And yet, I did spend many months looking at people passing by, to see if I had any feelings about how people look.  At first I tried with women, with no success.  Then I tried with men.  So I found that seeing certain guys gives me a slight rush.  Finally, I’ve figured out what people have been talking about my whole life, and it’s… it’s so weak and useless!  It doesn’t actually make me like the guy or want to be with him or anything. It doesn't last any appreciable length of time either.

What I’m describing here is what’s known as aesthetic attraction, liking the way someone looks.  I’m keenly aware that it is not necessarily related to sexual attraction. And though it does not constitute asexuality, it’s one of the most notable aspects of my own experience.

Some people say that they’re attracted to personality rather than looks, but that’s not the case for me either.  There are certain personalities I like.  I like serious, nerdy, honest, and eccentric people.  And if I had a partner, it’s probably important that they have a personality I like.  But just because someone has a likeable personality doesn’t mean I’m attracted to them in any sort of romantic or sexual way.  It means I like them as a person, or as a friend.

In summary, I am never attracted to anyone under any ordinary social circumstances.  Not when I look at them, not when I find that they have a great personality, not when I find that they are great people to be with.  How is it that I’m ever attracted to anyone at all?  I'm not entirely sure. I think reciprocation and physical touch are fairly important, but I might give a different answer tomorrow.

How did I ever end up dating anyone?  I may like the idea of a long term relationship, but this is a rather emotionally distant motivator to dating. It doesn't actually carry any weight in ordinary social situations when I see a bunch of people, none of whom are attractive. Both times I've started dating, the other guy asked me out.  Unfortunately, I can’t think of a better way to do it.

But once I started dating, I found that things proceeded almost normally.  I’ve liked kissing, cuddling.  I’ve wanted to hold their hands in public (despite the oppressive social conventions against it).  I’ve wanted to just be with the person, to share moments with them.  To lose track of time with them.

I’ve also had bouts of doubt.  When, sometimes, my instinct is to treat them just as a friend.  When, after a date, I sense that something was artificial.  The worst is when I think that I have something to offer, but it just isn’t enough.  See, it’s not the romantic/aromantic distinction that matters.  What really matters is the distinction between being capable and incapable of functioning in a relationship.

But I’m cautiously optimistic about it.  I’m careful about calling it "optimism" though, because I want to accept all possibilities.  If it works out eventually with someone, that’s cool.  If it just never works out, that’s cool too.  They're very different options, but they both have their upsides.

4. What people say, but shouldn’t

Some people say my experiences just sound like they’re in the normal range.  Well, yeah!  Asexual and gray-A are as much part of the “normal range” as being gay.
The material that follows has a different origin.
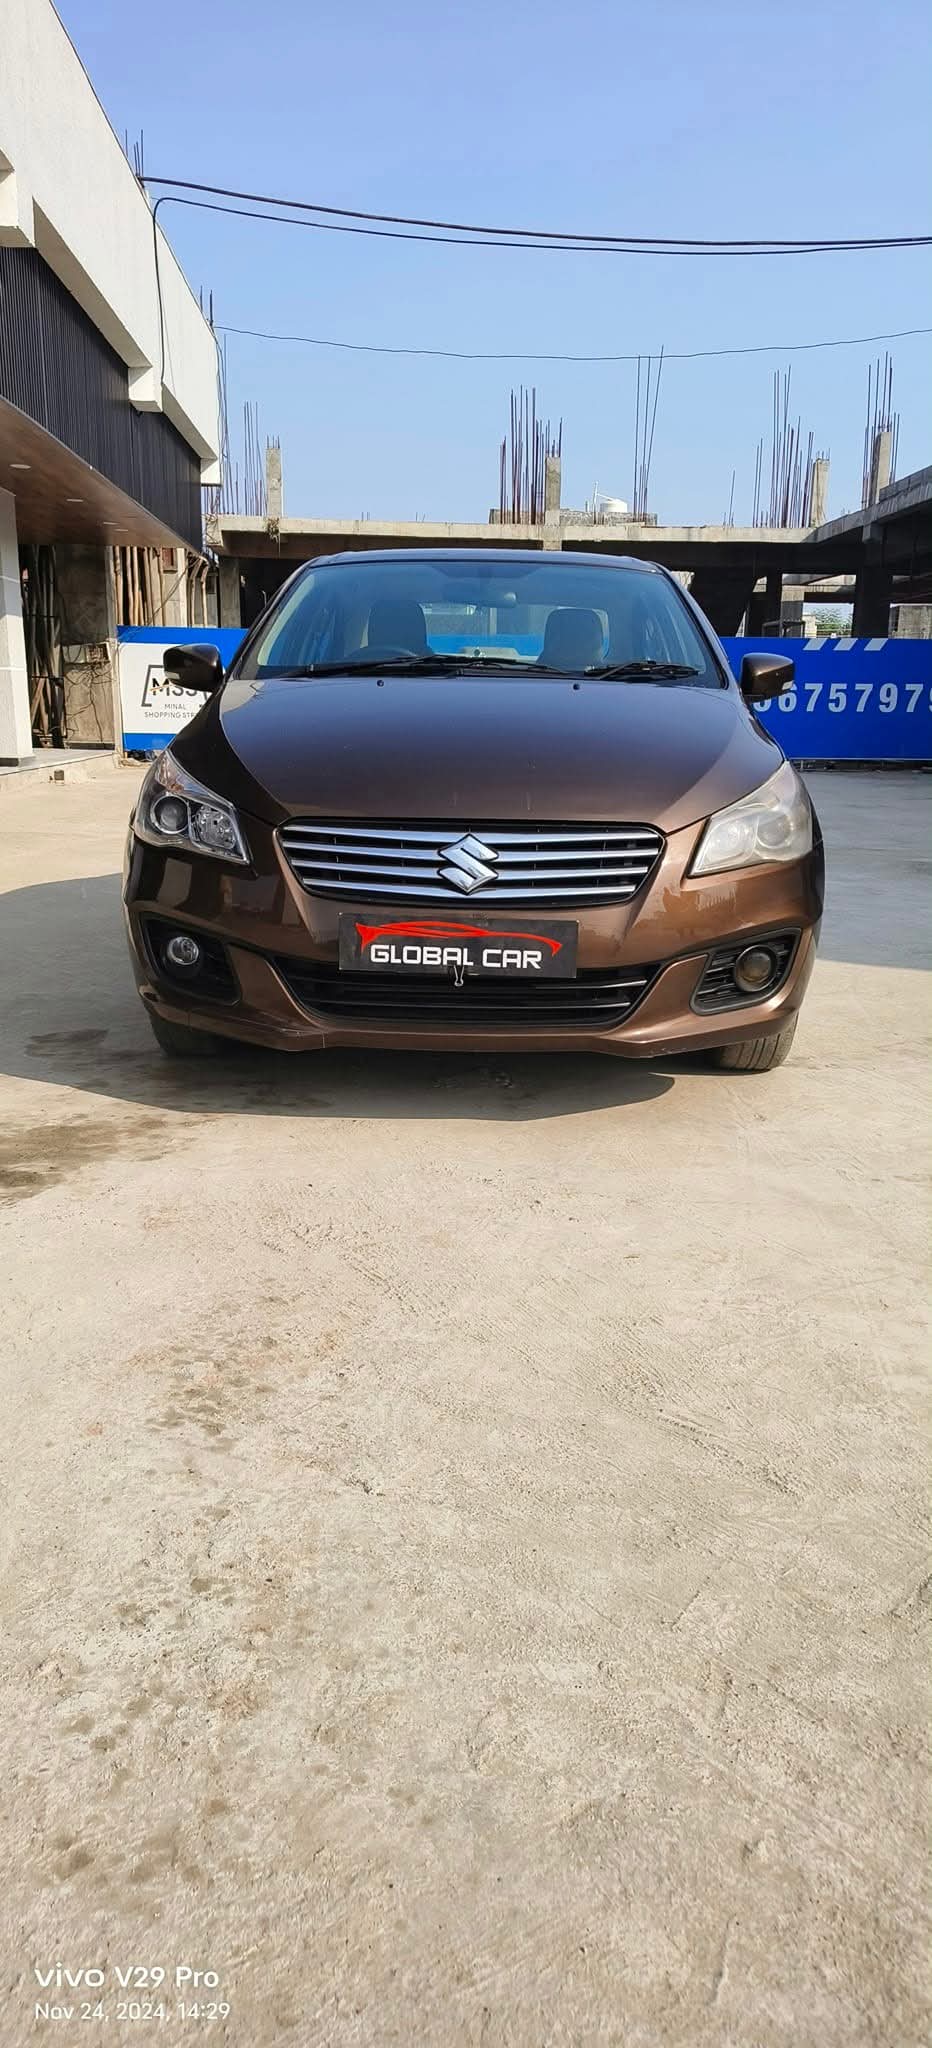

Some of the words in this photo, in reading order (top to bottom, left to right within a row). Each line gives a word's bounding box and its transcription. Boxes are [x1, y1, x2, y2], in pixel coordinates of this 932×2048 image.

I think what they mean, though is that they think there are a lot of gay people out there with the same experiences and who do not identify as gray-A or have to talk about it ever.  If that’s true, then good for them!  It doesn’t really bother me that two people can have similar experiences yet identify as half an orientation apart.

Other people say I should be open to new sexual and romantic experiences.  For some reason, they never suggest being open to new asexual or aromantic experiences.  In any case, of course I’m open to both!  It’s practically a requirement of identifying as gray-A.  I already have some experiences that I share with asexuals, and some I share with sexuals, and I accept both.

I also understand that, being in the gray zone, it doesn't take much to nudge me into one category or the other.  I could be just a little wrong.  Or my experiences could shift over time.  Or I could just slightly shift the definition of asexual.  I identify as gray-A because I don't like having to play this game of jumping back and forth over an invisible line.

Friday, November 12, 2010

I see Sam Harris

I saw Sam Harris speak on his new book, The Moral Landscape: How Science can Determine Human Values.  I've already disagreed with Sam Harris on this topic, but how does he fare on second glance?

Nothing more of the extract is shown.